▶ _AIM OF THE TASK_
Please write out, exactly as given, the line that contains "this 1600×1200 image." and all lines that follow it through the end of the listing, and nothing else.

▶ _ENTRIES SUPPLIED_
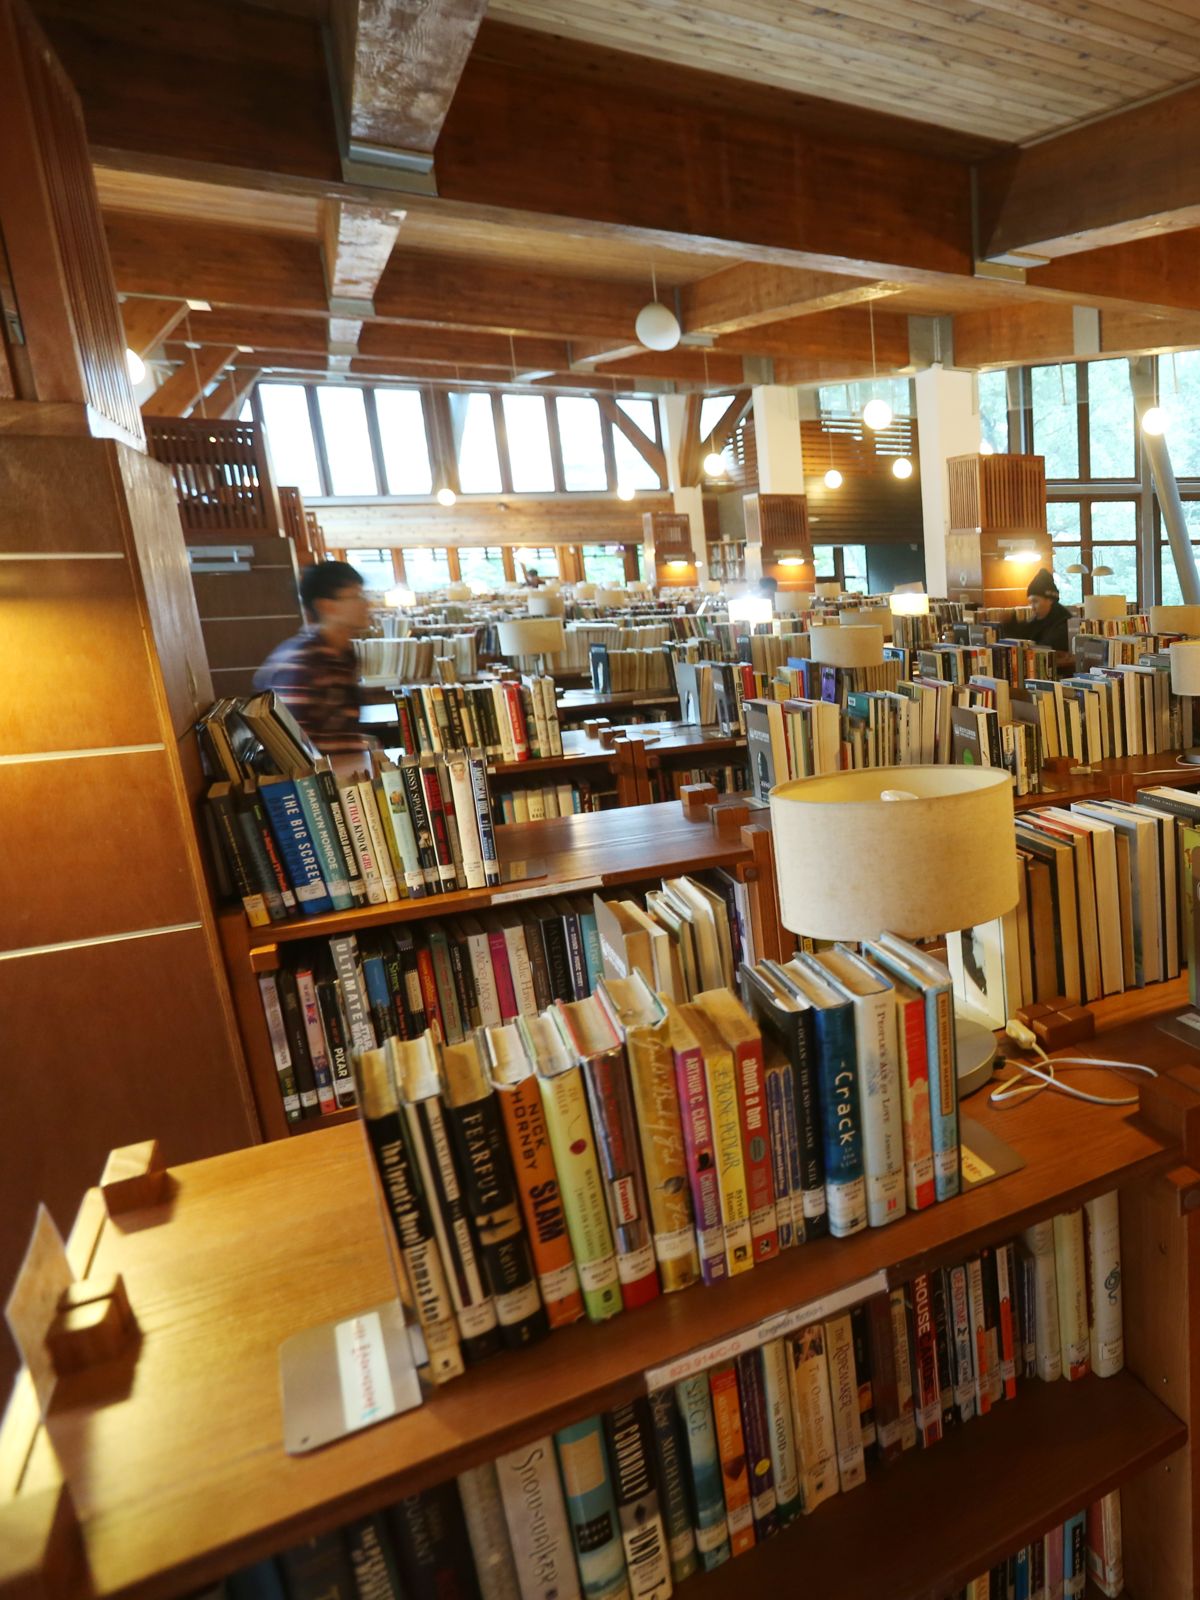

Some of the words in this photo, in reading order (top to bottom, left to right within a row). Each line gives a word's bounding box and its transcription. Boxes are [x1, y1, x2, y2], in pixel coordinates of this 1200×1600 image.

[281, 793, 300, 816] THE
[346, 789, 356, 805] NOT
[349, 804, 361, 825] THAT
[411, 793, 425, 829] SPACEK
[290, 818, 307, 840] BIG
[306, 788, 326, 833] MARILYN
[318, 830, 338, 871] MONROE
[354, 824, 366, 843] KIND
[361, 852, 373, 871] GIRL
[335, 942, 364, 1021] ULTIMATE
[480, 977, 493, 1013] MOUSE
[333, 1047, 348, 1077] PIXAR
[684, 1056, 702, 1094] ARTHUR
[741, 1056, 760, 1096] about
[689, 1095, 702, 1106] C.
[744, 1096, 757, 1106] a
[744, 1106, 762, 1131] boy
[834, 1071, 857, 1146] Crack
[511, 1089, 538, 1170] HORNBY
[527, 1102, 547, 1151] NICK
[689, 1107, 708, 1145] CLARKE
[381, 1139, 404, 1166] The
[461, 1111, 500, 1205] FEARFUL
[528, 1179, 565, 1245] SLAM
[618, 1179, 634, 1223] framed
[406, 1245, 435, 1295] Thomas
[914, 1274, 930, 1336] HOUSE
[757, 1315, 792, 1341] English
[836, 1342, 852, 1414] ROPEMAKER
[774, 1417, 787, 1454] GOOD
[613, 1422, 648, 1500] CONNOLLY
[661, 1436, 686, 1500] MICHAEL
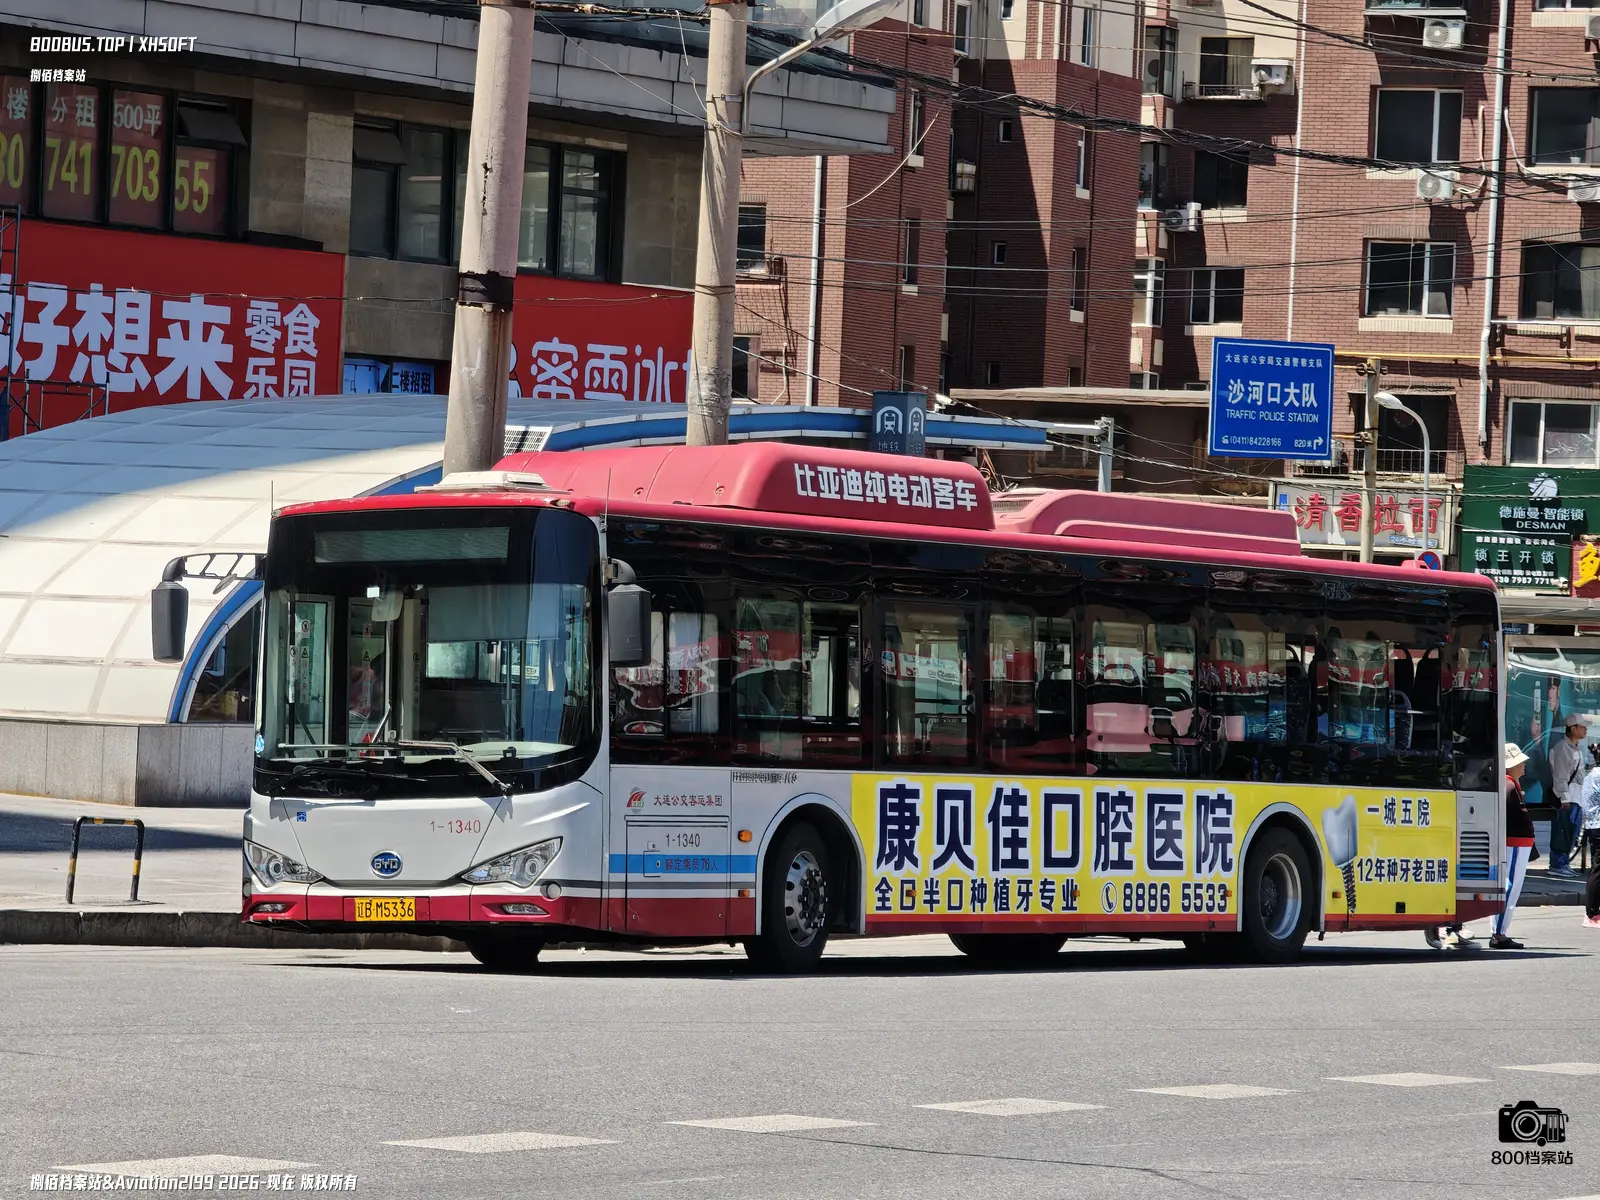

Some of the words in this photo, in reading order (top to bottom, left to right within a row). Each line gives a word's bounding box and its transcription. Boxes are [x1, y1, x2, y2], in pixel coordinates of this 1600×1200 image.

[7, 86, 29, 120] 楼
[113, 103, 162, 137] 500平
[45, 137, 92, 195] 741
[111, 145, 160, 202] 703
[174, 159, 210, 213] 55
[0, 273, 234, 400] 好想来
[245, 299, 320, 358] 零食
[243, 356, 316, 399] 乐园
[530, 336, 692, 403] 蜜雪冰
[1227, 378, 1318, 408] 沙河口大队
[1225, 408, 1257, 420] TRAFFIC
[1259, 410, 1285, 422] POLICE
[1287, 412, 1319, 424] STATION
[877, 441, 900, 452] 地铁
[793, 463, 978, 512] 比亚迪纯电动客车
[1294, 491, 1443, 535] 清香拉面
[1516, 520, 1566, 530] DESMAN
[1474, 547, 1555, 565] 锁王开锁
[653, 794, 723, 807] 大连公交客运集团
[1367, 797, 1430, 826] 一城五院
[430, 819, 481, 834] 1-1340
[665, 833, 701, 848] 1-1340
[876, 783, 1234, 875] 康贝佳口腔医院
[374, 858, 399, 870] BYD
[1356, 857, 1449, 883] 12年种牙老品牌
[875, 876, 1079, 912] 全口半口种植牙专业
[1123, 882, 1171, 912] 8886
[1181, 882, 1229, 913] 5533

▶ _FINAL ANSWER_
Some of the words in this photo, in reading order (top to bottom, left to right within a row). Each line gives a word's bounding box and its transcription. Boxes are [x1, y1, x2, y2], in pixel coordinates of this 1600×1200 image.

[7, 86, 29, 120] 楼
[113, 103, 162, 137] 500平
[45, 137, 92, 195] 741
[111, 145, 160, 202] 703
[174, 159, 210, 213] 55
[0, 273, 234, 400] 好想来
[245, 299, 320, 358] 零食
[243, 356, 316, 399] 乐园
[530, 336, 692, 403] 蜜雪冰
[1227, 378, 1318, 408] 沙河口大队
[1225, 408, 1257, 420] TRAFFIC
[1259, 410, 1285, 422] POLICE
[1287, 412, 1319, 424] STATION
[877, 441, 900, 452] 地铁
[793, 463, 978, 512] 比亚迪纯电动客车
[1294, 491, 1443, 535] 清香拉面
[1516, 520, 1566, 530] DESMAN
[1474, 547, 1555, 565] 锁王开锁
[653, 794, 723, 807] 大连公交客运集团
[1367, 797, 1430, 826] 一城五院
[430, 819, 481, 834] 1-1340
[665, 833, 701, 848] 1-1340
[876, 783, 1234, 875] 康贝佳口腔医院
[374, 858, 399, 870] BYD
[1356, 857, 1449, 883] 12年种牙老品牌
[875, 876, 1079, 912] 全口半口种植牙专业
[1123, 882, 1171, 912] 8886
[1181, 882, 1229, 913] 5533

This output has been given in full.